Warning: Long Review, So Break Down To Pieces If You Have To! Thanks For Reading!!!

     But like many other excited first time Counterpoint goers, I didn’t know how the whole car situation worked. Well I did, but I figured playing stupid and trying to get in at the front would actually work. Rest assured that cops were there to redirect jerks like myself to the other line.

     I wasn’t the only person overly thrilled to be in Kingston Downs, located in Rome, Georgia that May 22nd afternoon. I think the tall dude in a Hawaiian shirt who was walking down the long line of cars, handing out “Free Starbust” was already having a good time.

    Cars were decorated with all sorts of crazy writing while random objects hung out windows; it all screamed “IM HEADED TO COUNTERPOINT.” It was awesome seeing people from all over the country gather up in the giant hidden fields that became home for out 3 Day journey.

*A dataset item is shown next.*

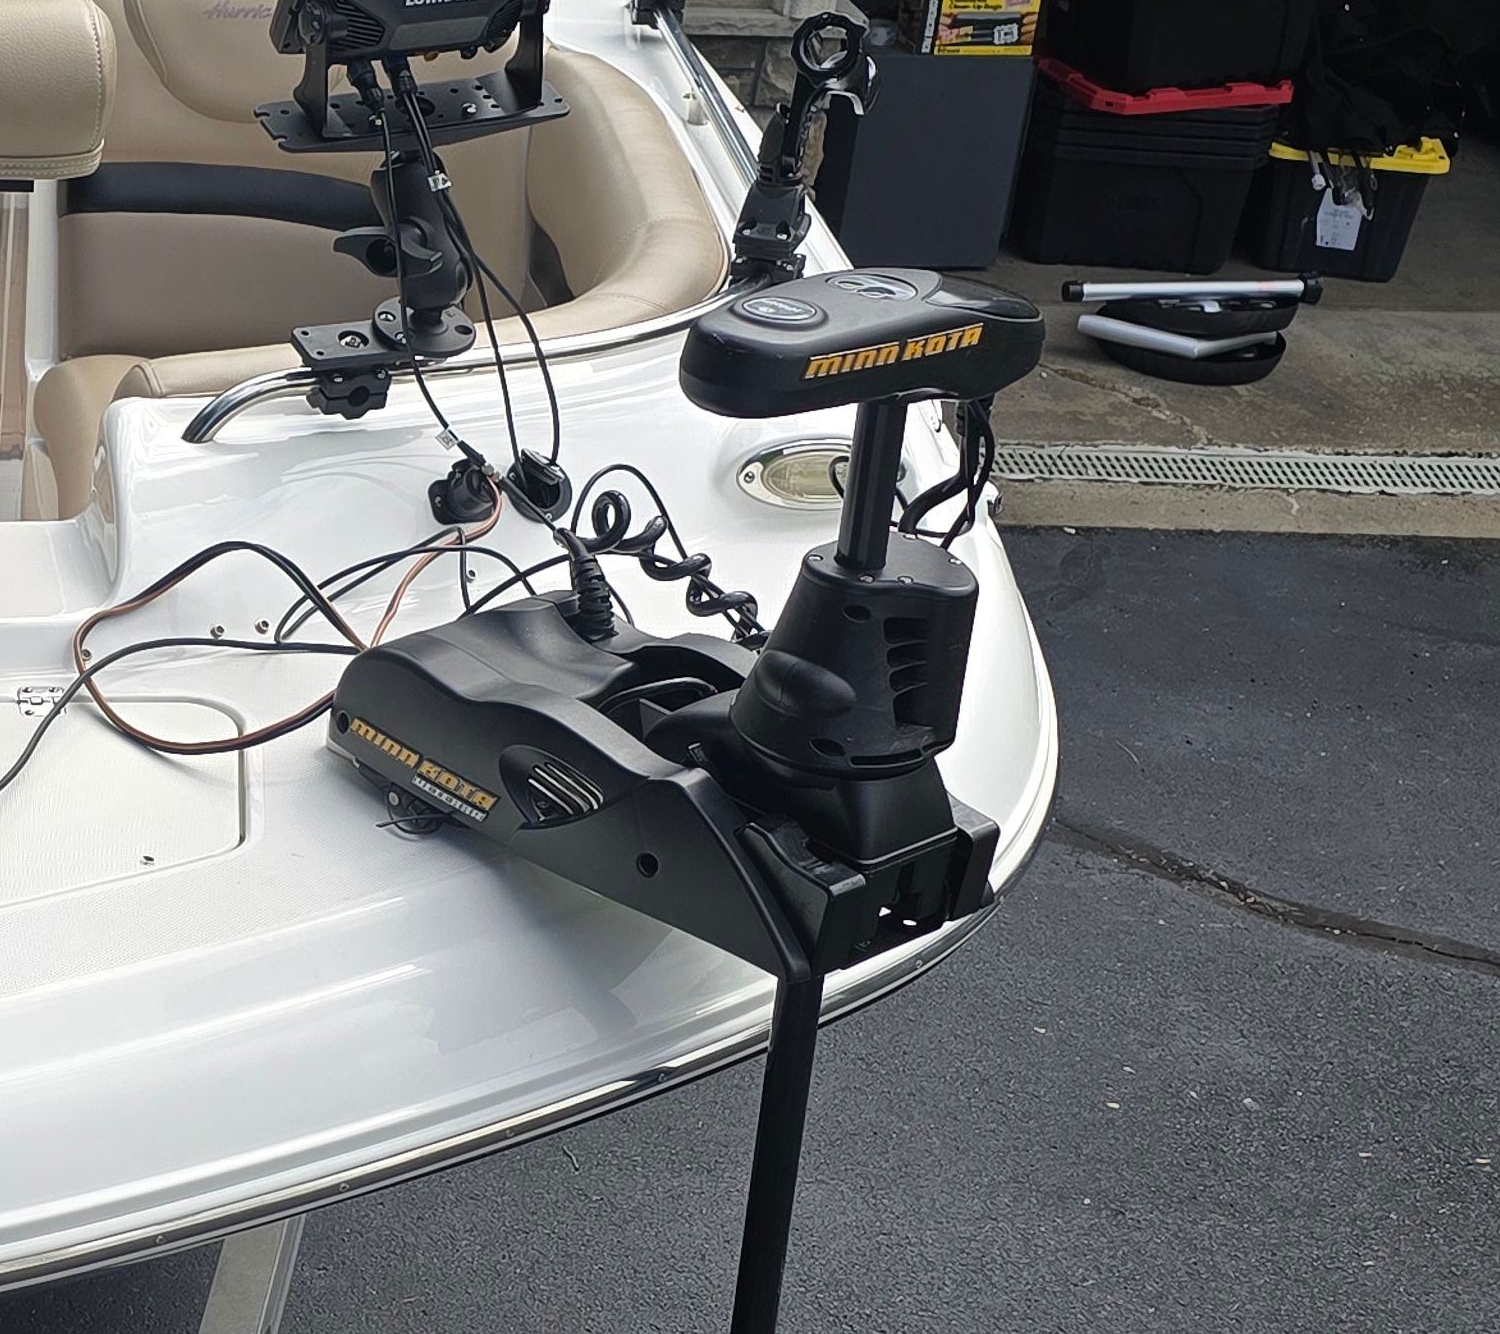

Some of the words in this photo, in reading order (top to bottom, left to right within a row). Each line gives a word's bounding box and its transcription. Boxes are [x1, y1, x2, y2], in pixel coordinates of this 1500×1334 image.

Florida, Tennessee, North Carolina, Texas, Alabama, New York; I met people from all over the country. We also met some Colombians who really, really liked to party.

     Contrary to popular belief, Counterpoint showcases more genres than just electronic dance music. I mean, how can you succeed off just DJs and producers, right? Okay well there’s a few EDM-only festivals that I can think of, but nevertheless, Counterpoint is about bringing all sorts of distinct cultures together; jam bands, house, electro jazz, dubstep producers, live electronic bands, reggae groups, and a little bit of hip-hop, covers the general aspect of the type of artists featured at this festival, they had it all. While the music was great, the people at the top didn’t hesitate to include some really unique artistic aspects throughout the weekend that really defines the “& Art” part of the festival’s name.

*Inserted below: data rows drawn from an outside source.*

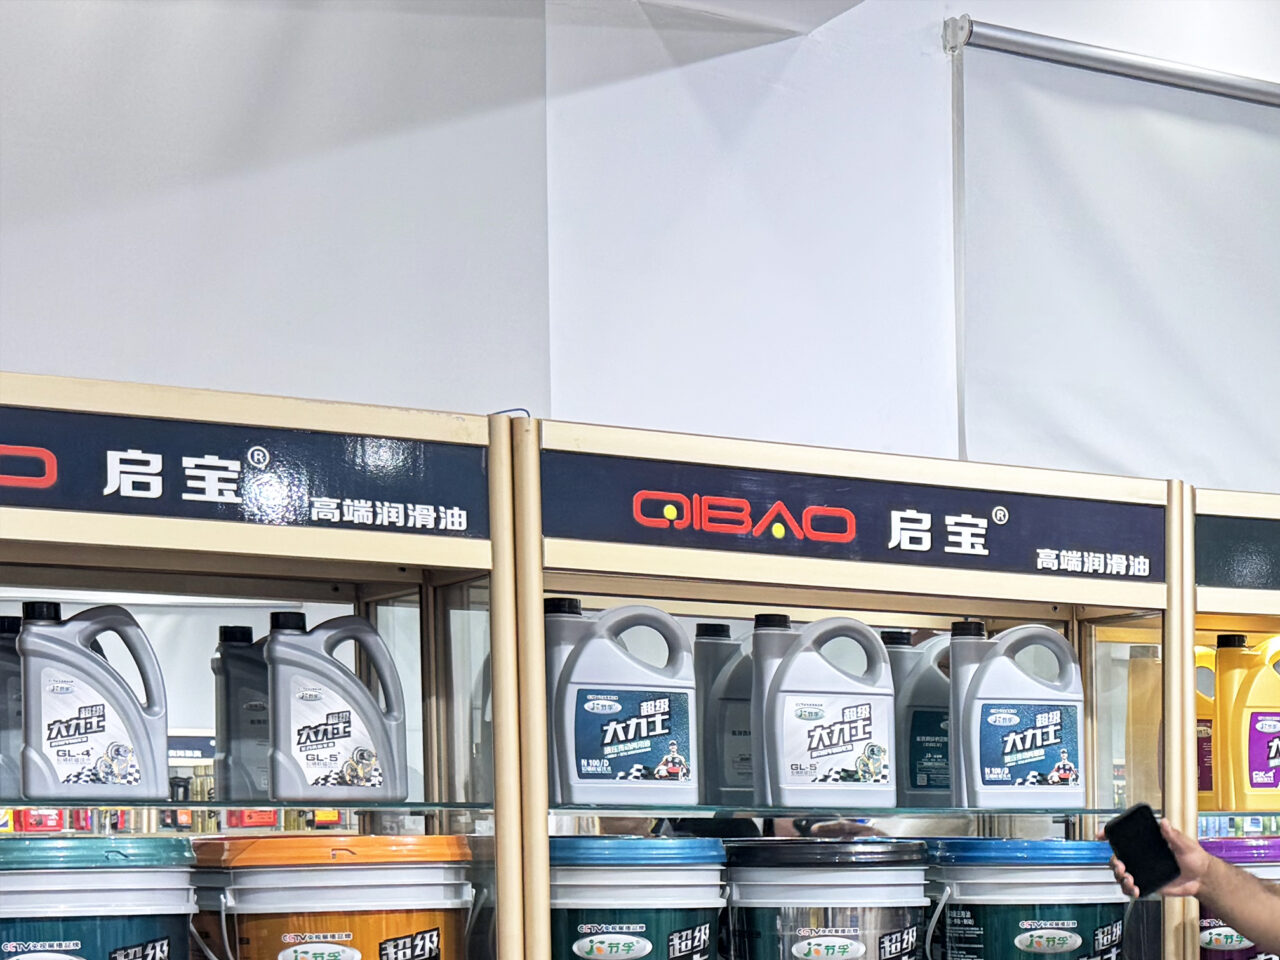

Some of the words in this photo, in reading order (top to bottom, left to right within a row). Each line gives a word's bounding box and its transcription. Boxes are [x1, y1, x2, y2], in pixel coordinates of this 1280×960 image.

[310, 497, 468, 531] 高端润滑油
[632, 490, 856, 543] QIBAO
[1036, 548, 1150, 577] 高端润滑油
[79, 704, 105, 718] 超级
[640, 698, 669, 716] 超级
[842, 703, 871, 721] 超级
[1036, 711, 1061, 727] 超级
[47, 715, 105, 740] 大力士
[297, 722, 351, 745] 大力士
[602, 714, 669, 745] 大力士
[808, 719, 872, 751] 大力士
[1003, 724, 1062, 754] 大力士
[668, 923, 710, 958] 超级
[879, 927, 917, 960] 超级
[1046, 936, 1069, 946] 节孚
[1094, 920, 1122, 950] 超级
[608, 943, 635, 955] 节孚
[824, 944, 850, 956] 节孚

     Not only was this my first “Camping Music Festival” experience, it was my first time camping, period. I thought my 10 year old Cubscout skills would have been enough, but leaving half of the tent parts at home was our first mistake. Luckily, the general store was able to hook us up with a full sized, functioning tent, for the fair price of $60? At that point the last thing I cared about was the cost of the tent, I just wanted to put the damn thing up and head to the Steeple Stage to catch the first act of the day, Santa Cruz trap and gritty bass producer, G Jones.





     If you click play on any of G Jones’ songs on Soundcloud, you’ll find yourself nodding your head at some point in the track, leaving you in awe as to why you didn’t discover him sooner. G Jones kicked off the evening with a dark but hyped and thoroughly engaging set. I’ve never seen a crowd party harder at 5:00 o’clock with the sun beating down on their face. I was waiting for him to crush his performance with his new catchy single, Secret Krabby Patty Formula. Trippy, energetic, and like the first song off any good rap album, his show was amazing. The set was definitely one for the books.

     We stuck around for a while to catch South Carolina electro, hip-hop, soul producer(yes this is the best way I can describe his sound), Archnemesis, take the stage. Considering myself a basshead, I’m not too familiar with Archnemesis’ style of electronic music, the closest person I can compare him to is Pretty Lights, but a little more fast passed pace and with a lot more trumpets and bass. There wasn’t much headbanging during this melodic and smooth set, but everyone was smiling from cheek to cheek as they vibed out and showed their best dance moves for Archnemesis, it felt like being in a new age jazz club, and every second of it was great. The coolest part is that he hails from the beautiful land of the Carolinas.


     As the sun began to set, we headed over to the Underground Stage to catch a little bit of live rock and funk from NYC band, TAUK. While I came to this festival with a few main artists in mind, I didn’t mind checking out some new music. Especially an instrumental band that covers pretty much all genres of music, whether its rock, funk or jazz, this band covered it all.

Ale Tauk



      So far we had seen G Jones, Archnemesis, and TAUK, what a great way to start off our Counterpoint weekend. We made it just in time to catch the last fifteen minutes of an electrifying and sensational Zomboy set. We thought we had missed his performance but due to a mishap with Australian producer and singer Chet Faker not showing up for his set, we were able to catch a glimpse of the madness. Zomboy is known for his funky and eccentric visuals, with zombies walking around eating people’s brains and what not. And while I didn’t get many pictures of his set, because I was too busy bouncing around to his hit Nuclearthe time spent was well worth it.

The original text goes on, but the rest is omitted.